Journal of Bionic Engineering

, Volume 15, Issue 2, pp 270–282 | Cite as

A Stiffness Adjustment Mechanism Based on Negative Work for High-efficient Propulsion of Robotic Fish

  • Dong Xu
  • Haining Zeng
  • Xiang Peng
  • Ziqing Zhao
  • Jingmeng Liu


The applications of robotic fish require high propulsive efficiency mechanism to prolong the mission time. Though many methods were applied, robotic fish still suffers from low efficiency. To improve the efficiency of robotic fish, this paper proposes a variable stiffness mechanism which is based on the negative work. The live fish adjusts its body stiffness to save energy when the muscles do negative work. Inspired by the live fish, a control mechanism based on negative work is proposed to change the stiffness of the robotic fish for higher efficiency.
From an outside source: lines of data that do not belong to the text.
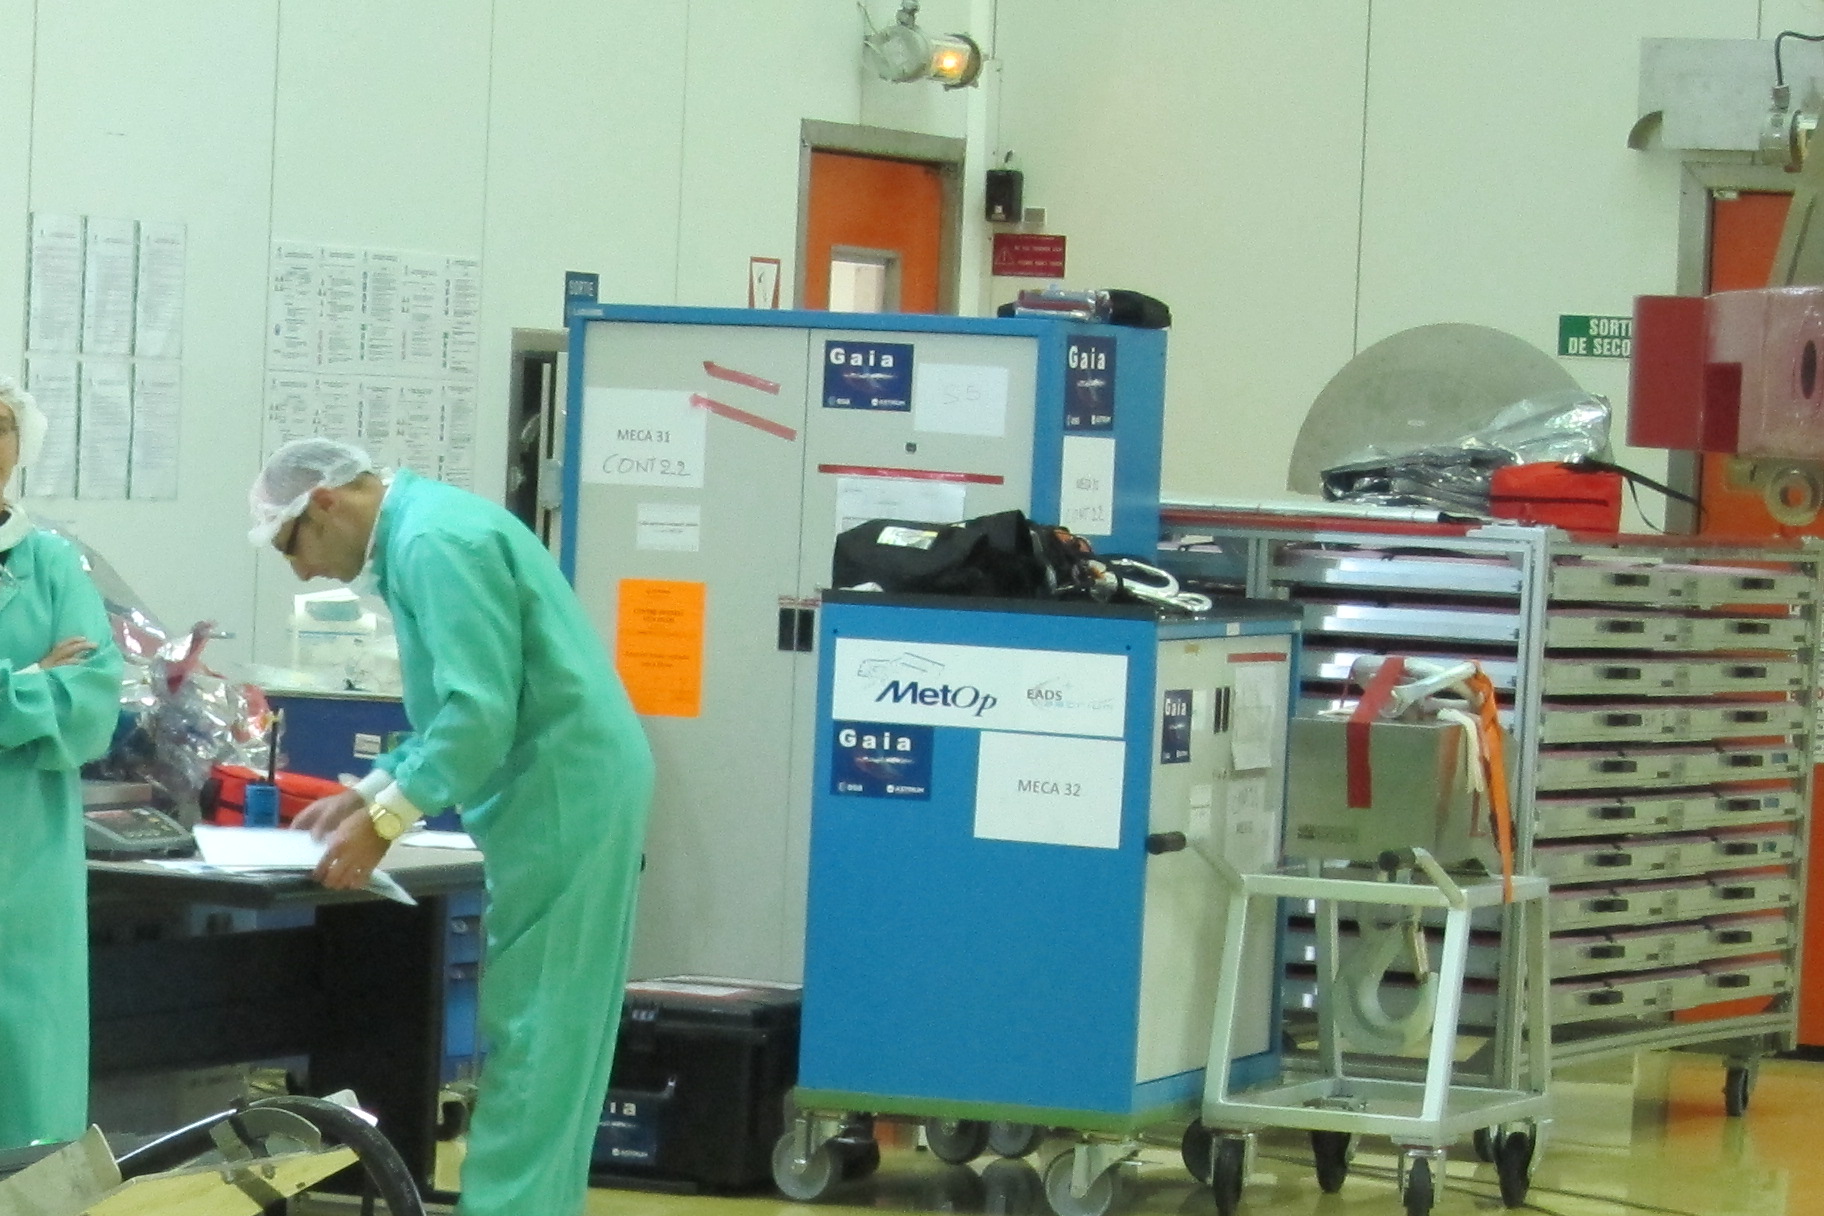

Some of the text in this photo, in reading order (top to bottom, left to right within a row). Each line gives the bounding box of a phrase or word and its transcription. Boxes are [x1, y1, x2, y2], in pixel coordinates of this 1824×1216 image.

[568, 279, 594, 297] SORTIE
[1588, 318, 1633, 337] SORTI
[1567, 337, 1632, 357] DE SECO
[829, 347, 895, 368] Gaia
[1067, 345, 1107, 370] Gaia
[616, 428, 671, 444] MECA 31
[602, 453, 657, 475] CONT
[875, 679, 998, 718] MetOp
[1026, 688, 1063, 702] EADS
[1164, 698, 1188, 718] Gaia
[838, 728, 912, 752] Gaia
[1017, 779, 1082, 797] MECA 32
[610, 1102, 636, 1117] ia
Changing the stiffness of the robotic fish is to change the joint-stiffness. A fuzzy controller is introduced to mimic the variable stiffness mechanism of the fish and depicts the relationship between the stiffness and the negative work. To evaluate the performance of this controller, a two-joint robotic fish model is established based on its kinematic model and hydrodynamic model. The evaluation results show that the robotic fish reduces the energy consumption and improves the propulsion efficiency when introducing the variable stiffness mechanism. Different environments with the control mechanism impact differently on propulsive efficiency. This mechanism may provide a high efficient propulsion control method for the robotic fish.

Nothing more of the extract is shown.